• [Records drawn from a dataset]:
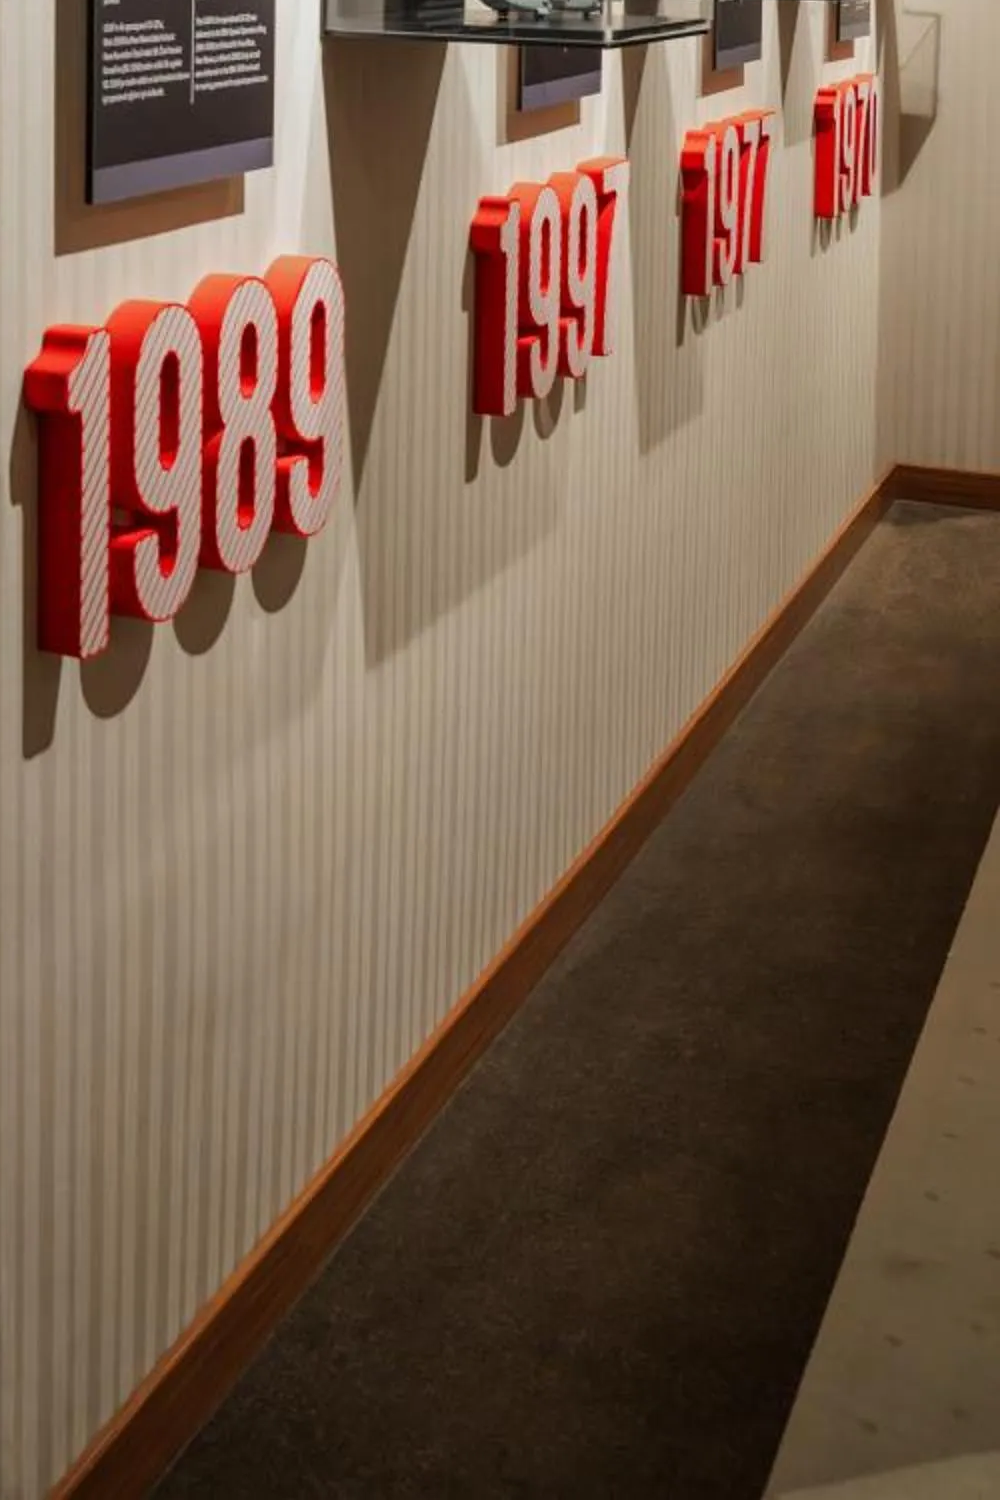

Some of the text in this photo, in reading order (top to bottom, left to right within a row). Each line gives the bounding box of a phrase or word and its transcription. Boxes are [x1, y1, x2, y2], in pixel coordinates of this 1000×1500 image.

[679, 107, 776, 297] 1977
[814, 73, 880, 220] 1970
[469, 156, 631, 417] 1997
[23, 254, 345, 659] 1989
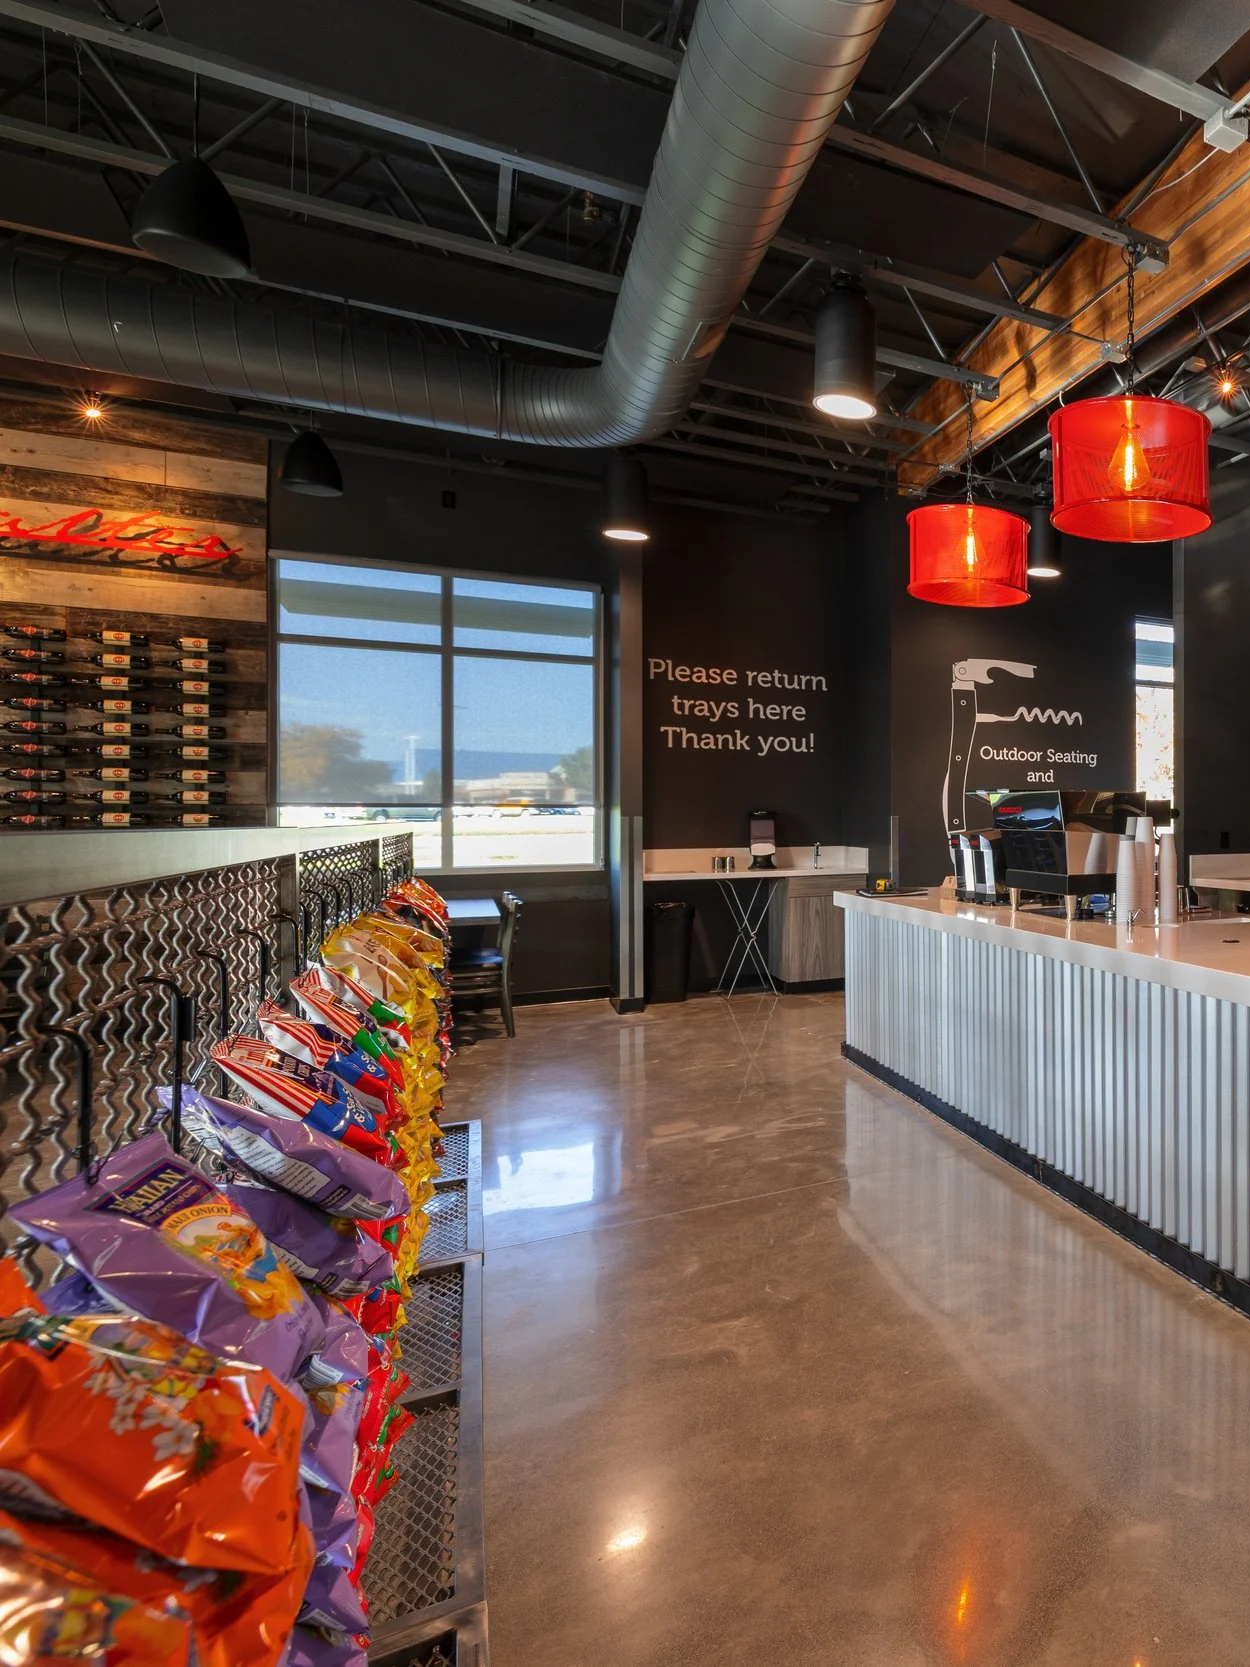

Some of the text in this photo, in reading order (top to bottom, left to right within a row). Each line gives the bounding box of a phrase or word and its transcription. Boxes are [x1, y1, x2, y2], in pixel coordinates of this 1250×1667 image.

[648, 658, 827, 691] Please return
[672, 695, 806, 722] trays here
[660, 726, 814, 756] Thank you!
[980, 745, 1098, 767] Outdoor Seating
[1027, 769, 1054, 783] and
[167, 1206, 228, 1230] MAUI ONION
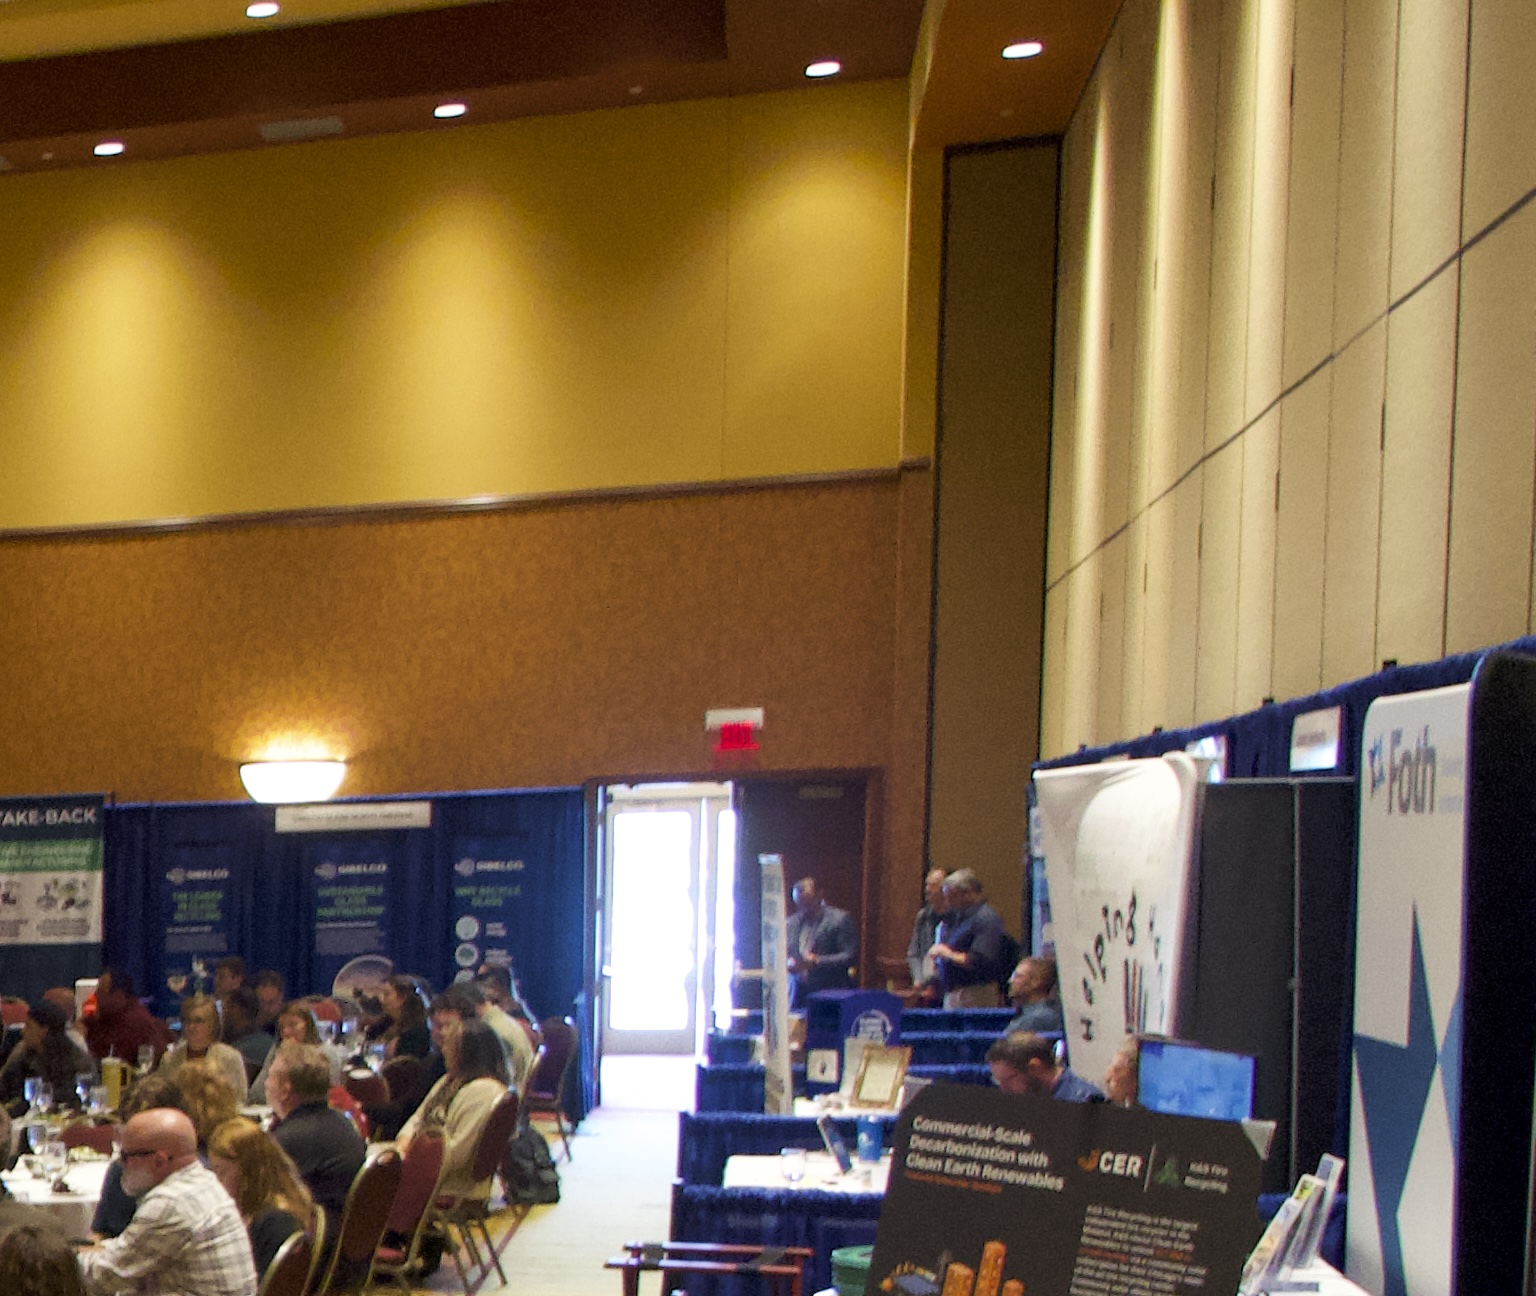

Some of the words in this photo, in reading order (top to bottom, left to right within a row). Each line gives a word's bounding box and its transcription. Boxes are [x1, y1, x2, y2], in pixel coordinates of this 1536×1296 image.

[913, 1114, 1033, 1147] Commercial-Scale
[909, 1133, 1016, 1163] Decarbonization
[1017, 1151, 1050, 1168] with
[1099, 1150, 1143, 1178] CER
[906, 1151, 942, 1171] Clean
[944, 1157, 981, 1177] Earth
[982, 1163, 1065, 1192] Renewables
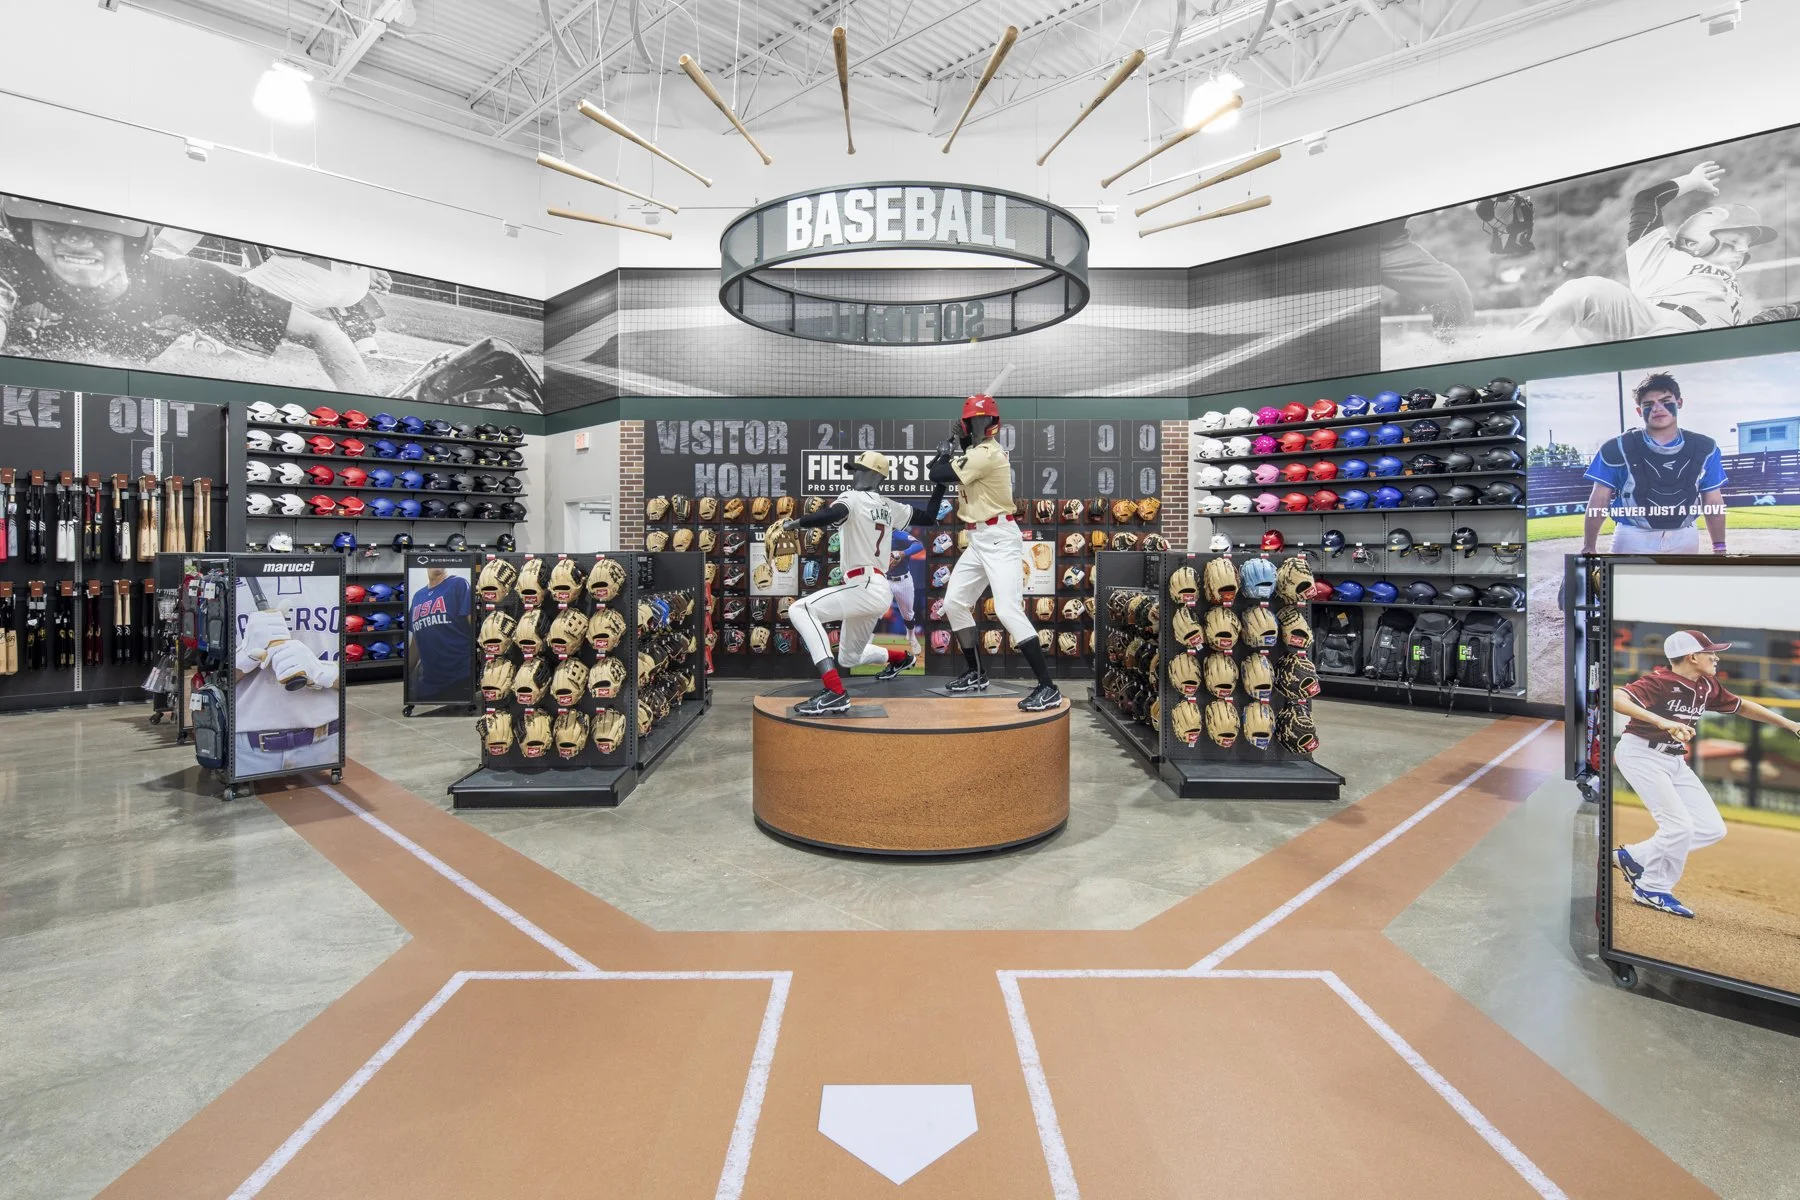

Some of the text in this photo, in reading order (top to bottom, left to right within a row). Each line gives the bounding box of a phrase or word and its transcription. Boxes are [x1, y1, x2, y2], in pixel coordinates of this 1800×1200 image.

[787, 187, 1015, 251] BASEBALL
[109, 396, 195, 437] OUT
[656, 420, 788, 455] VISITOR
[818, 423, 833, 449] 2
[858, 424, 874, 449] 0
[902, 424, 914, 449] 1
[1043, 425, 1055, 450] 1
[1139, 424, 1156, 452] 0
[694, 463, 787, 497] HOME
[1042, 467, 1057, 494] 2
[1098, 466, 1114, 494] 0
[1139, 466, 1156, 494] 0
[808, 455, 918, 481] FIELR'S
[808, 484, 826, 492] PRO
[829, 484, 856, 492] STOC
[899, 484, 916, 492] FOR
[1588, 506, 1608, 518] IT'S
[1611, 506, 1646, 517] NEVER
[1648, 505, 1676, 516] JUST
[1678, 505, 1687, 516] A
[874, 524, 885, 557] 7
[263, 561, 315, 573] marucci
[412, 596, 447, 622] USA

• [Instructions for the task]:
Although the records above contain pictures, only their text is to be repeated, exactly as given.

• [Response]:
Some of the text in this photo, in reading order (top to bottom, left to right within a row). Each line gives the bounding box of a phrase or word and its transcription. Boxes are [x1, y1, x2, y2], in pixel coordinates of this 1000×1500 image.

[679, 107, 776, 297] 1977
[814, 73, 880, 220] 1970
[469, 156, 631, 417] 1997
[23, 254, 345, 659] 1989

Some of the text in this photo, in reading order (top to bottom, left to right within a row). Each line gives the bounding box of a phrase or word and its transcription. Boxes are [x1, y1, x2, y2], in pixel coordinates of this 1250×1667 image.

[648, 658, 827, 691] Please return
[672, 695, 806, 722] trays here
[660, 726, 814, 756] Thank you!
[980, 745, 1098, 767] Outdoor Seating
[1027, 769, 1054, 783] and
[167, 1206, 228, 1230] MAUI ONION

Some of the words in this photo, in reading order (top to bottom, left to right within a row). Each line gives a word's bounding box and its transcription. Boxes are [x1, y1, x2, y2], in pixel coordinates of this 1536×1296 image.

[913, 1114, 1033, 1147] Commercial-Scale
[909, 1133, 1016, 1163] Decarbonization
[1017, 1151, 1050, 1168] with
[1099, 1150, 1143, 1178] CER
[906, 1151, 942, 1171] Clean
[944, 1157, 981, 1177] Earth
[982, 1163, 1065, 1192] Renewables

Some of the text in this photo, in reading order (top to bottom, left to right within a row). Each line gives the bounding box of a phrase or word and its transcription. Boxes are [x1, y1, x2, y2], in pixel coordinates of this 1800×1200 image.

[787, 187, 1015, 251] BASEBALL
[109, 396, 195, 437] OUT
[656, 420, 788, 455] VISITOR
[818, 423, 833, 449] 2
[858, 424, 874, 449] 0
[902, 424, 914, 449] 1
[1043, 425, 1055, 450] 1
[1139, 424, 1156, 452] 0
[694, 463, 787, 497] HOME
[1042, 467, 1057, 494] 2
[1098, 466, 1114, 494] 0
[1139, 466, 1156, 494] 0
[808, 455, 918, 481] FIELR'S
[808, 484, 826, 492] PRO
[829, 484, 856, 492] STOC
[899, 484, 916, 492] FOR
[1588, 506, 1608, 518] IT'S
[1611, 506, 1646, 517] NEVER
[1648, 505, 1676, 516] JUST
[1678, 505, 1687, 516] A
[874, 524, 885, 557] 7
[263, 561, 315, 573] marucci
[412, 596, 447, 622] USA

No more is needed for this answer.